“It seems hard to believe that Twenty-third Street—which is the first street in the city of which I remember anything, could have changed in so short a time,” wrote Edward Eugene “Gene” Schermerhorn in an 1886 letter to his young nephew, Phil.
“The rural scenes, the open spaces, have vanished; and the small and quiet residences, many of them built entirely of wood, have given place to huge piles of brick and stone, and to iron and plate-glass fronts of the stores which now line the street.”
It was the first of 10 letters Gene would address to his nephew, recently collected in a thin, enchanting volume, Letters to Phil, published by New York Bound in 1982.
Each chronicles his memories between 1848 and 1856 of a small-scale New York that had yet to experience the enormous growth that made it an international capital by the 1880s.
Gene’s city had a population of about 500,000 and a northern boundary barely exceeding 14th Street. A descendent of a prosperous family that came to Manhattan in the 17th century, he shows what it was like to be a curious, privileged boy before the Civil War.
“Twenty-third Street and in fact all the streets in the neighborhood were unpaved,” he wrote. “There was plenty of room, plenty of dirt (clean dirt), and plenty of boys; what more could be desired!”
Gene writes of the games he and his friends played: marbles, “base ball,” and kite-flying. The also chased the pigs that ran around Sixth Avenue.
His Manhattan was a rural paradise. “Up town at this time was almost inaccessible. Of course there was no Central Park. Third Avenue was open to Harlem passing through Yorkville which was quite a large village about 86th Street. . . .”
Chelsea was located to the west of Gene’s home; Murray Hill, to the east. “Eighth Avenue was open to Harlem, and in connection with the Harlem Lane (now St. Nicholas Ave.) was the great road for fast driving.”
The business district, at City Hall, contained “none of those magnificent buildings now so common in the lower part of the city. A building of any kind six stories high was very rare.”
Downtown had all the theaters, as well as Barnum’s Museum. “It was a delight to go there on Saturday afternoons.”
The rough side of town was at Broadway and Houston Street, the site of St. Thomas’ church. “[Sic] Opposite to it was a row of small two-storied wooden houses; many of them low grog shops—a very bad neighborhood.”
Gene and his brother skated on ponds at 32nd and Broadway and Sixth Avenue and 57th. They headed over to Park Avenue south of 42nd Street on Saturdays and “played among the rocks and watch[ed] the trains.”
“Sometimes we would walk in the region which is now the Central Park. It was a very rough and rocky place, with plenty of woods and scattered trees and very few houses except ‘Squatters’ shanties.”

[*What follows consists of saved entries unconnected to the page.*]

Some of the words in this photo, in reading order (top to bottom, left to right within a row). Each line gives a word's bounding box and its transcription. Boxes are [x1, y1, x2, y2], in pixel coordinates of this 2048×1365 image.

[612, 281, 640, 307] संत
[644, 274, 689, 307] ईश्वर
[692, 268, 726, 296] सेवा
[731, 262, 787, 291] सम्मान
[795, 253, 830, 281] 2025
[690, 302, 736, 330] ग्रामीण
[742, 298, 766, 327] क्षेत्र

New York’s industry centered around transportation. The East River housed “Dry Docks” and shipyards. “On the Bowery at 6th Street was the ‘Hay Scale’ where the loads of hay brought in on that side of the city were weighed.
“Facing this was the ‘Gotham Inn,’ quite a noted sporting tavern. On the corner of 3rd Avenue and 13th Street stood an old pear tree, which was planted on Gov. Stuyvesant’s farm in 1647.”
Gene gives a wonderful account of a free-range boyhood in a slower-paced city. But what he did with his life isn’t clear. He apparently never married; he may have lived a life of leisure. He died in 1922.
His nephew Phil is also a mystery. His 1952 obituary in The New York Times, however, says he lived on East 78th Street, was survived by a wife, and became a painter.